Disc Surgery May Relieve Pain but Not Atrophy in Back Muscles
How are low back muscles linked with the discs located between the vertebrae? This is a question researchers are eagerly studying. They would like to identify types of exercise that would help patients with herniated discs.

Discs between the bones in the spine have two parts: the nucleus in the center, and an outer ring called the annulus. If the nucleus pushes completely through the annulus, it is called a disc herniation.

Most patients with low back pain from disc herniation also have muscle atrophy (wasting) in the back muscles. Weak and atrophied spine muscles may put these patients at increased risk of overload and more back pain.

Surgery is one way to treat disc herniation. The operation may relieve painful symptoms, but it doesn't always change atrophy of the muscles in the low back. Muscle atrophy and weakness can go on for months. The patient is often delayed in getting back to daily activities.

This study from the Nippon Medical School in Tokyo, Japan, focuses on one muscle group in the low back called the multifidus muscles. The primary job of this muscle group is to hold the spine steady during regular activities.

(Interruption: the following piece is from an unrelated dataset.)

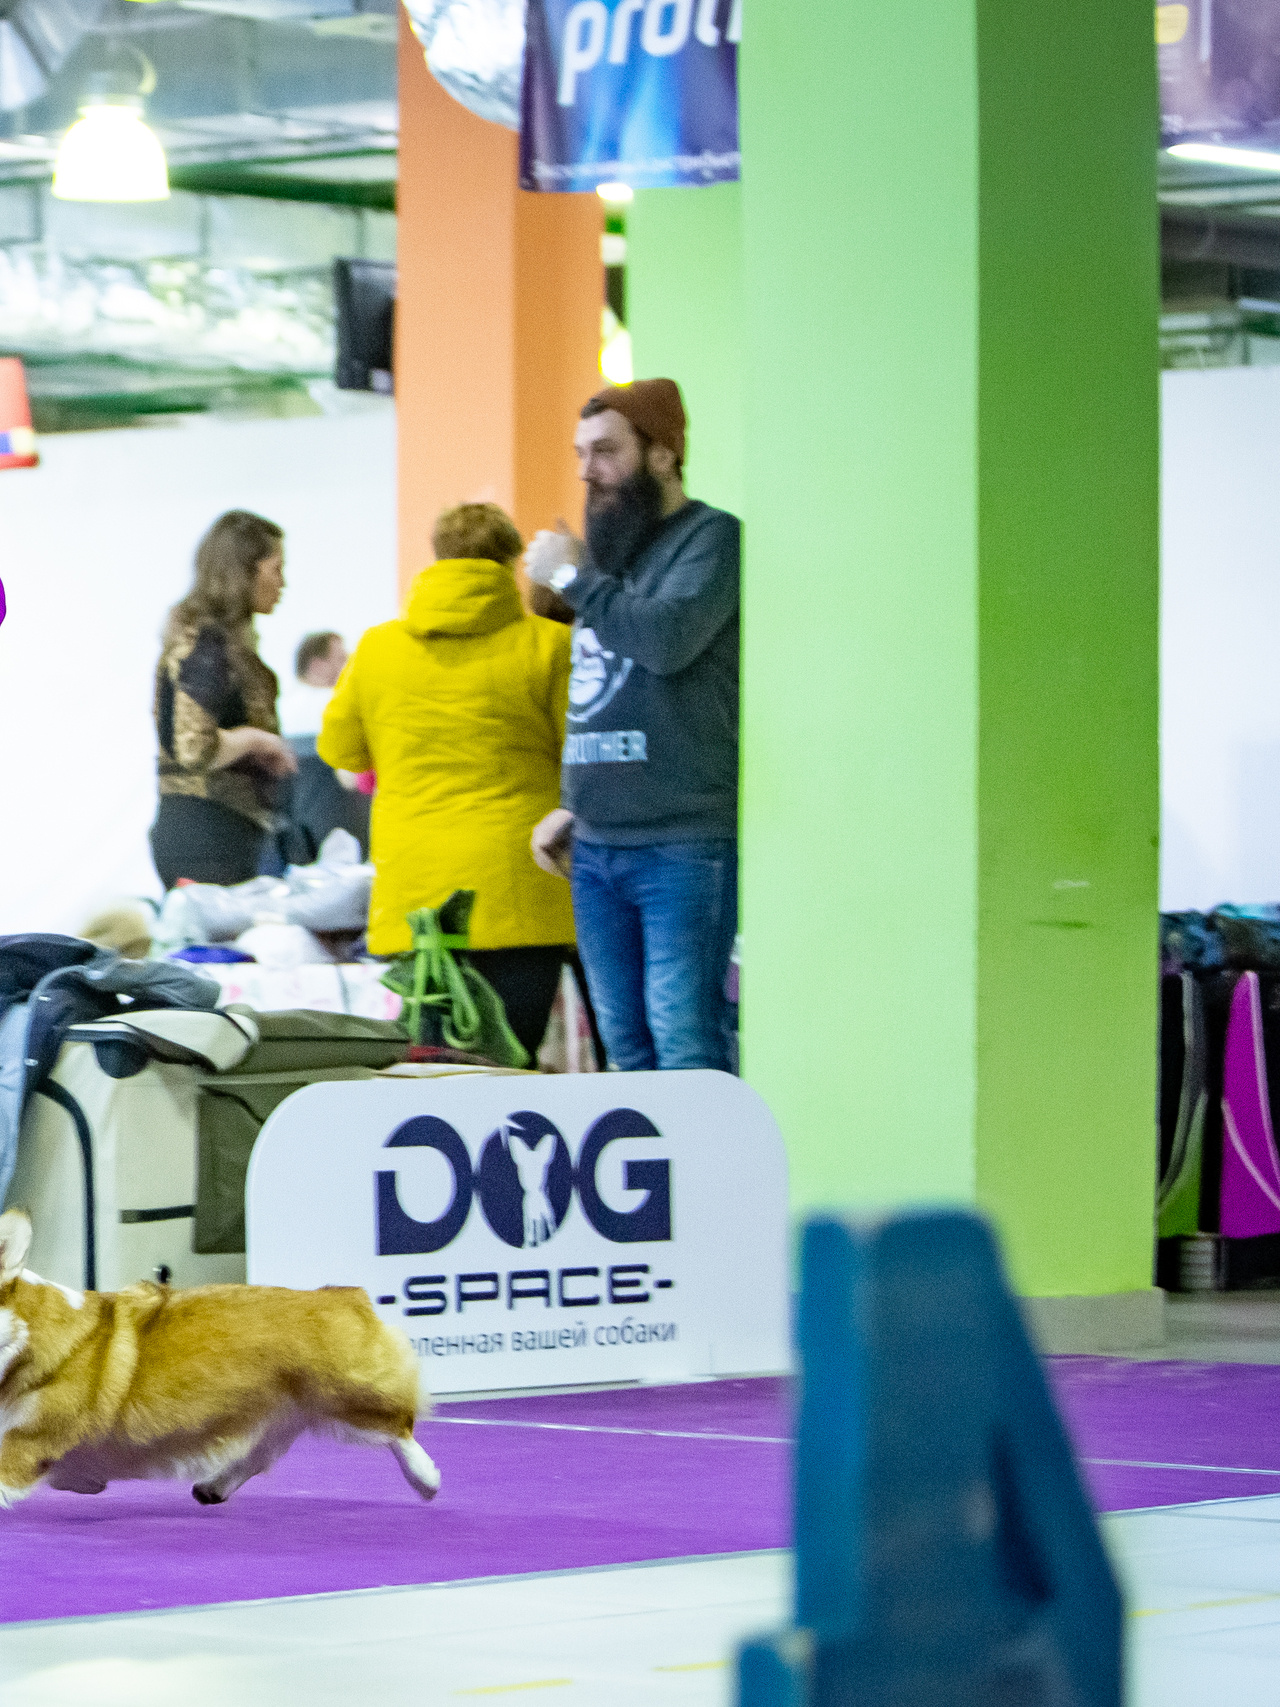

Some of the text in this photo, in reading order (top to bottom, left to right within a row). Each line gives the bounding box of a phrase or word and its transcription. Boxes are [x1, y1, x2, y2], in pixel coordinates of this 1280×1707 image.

[373, 1106, 673, 1256] DOG
[511, 1320, 587, 1351] вашей
[593, 1316, 677, 1346] собаки

A small piece of the multifidus muscle was taken from both sides of the spine in 17 patients with disc herniations. The pieces of muscle were looked at under a microscope. The muscle cells were markedly different in the muscles examined on the same side as the disc herniation. Smaller fibers and changes in the shape of some muscle fibers were found. The researchers also checked the activity of the muscles using electromyography (EMG). The EMG changes were greatest in patients who showed the largest changes in the fibers of their multifidus muscles.

According to the authors, rehab exercises for lumber disc herniation should include tonic and dynamic exercises. During tonic exercises, the muscles contract at low level for a period of time. This builds muscle endurance. Dynamic exercises for the multifidus muscles involve exercises that move the trunk through a range of motion, requiring the multifidus muscles to hold the spine steady while moving. This builds the muscle fibers that are responsible for muscle power and quickness. Including both forms of exercise in a rehab program for disc herniation may help halt atrophy of the multifidus muscle fibers.
References
Kiyoshi Yoshihara, MD, et al. Atrophy of the Multifidus Muscle in Patients With Lumbar Disk Herniation: Histochemical and Electromyographic Study. In Orthopedics. May 2003. Vol. 26. No. 5. Pp. 493-495.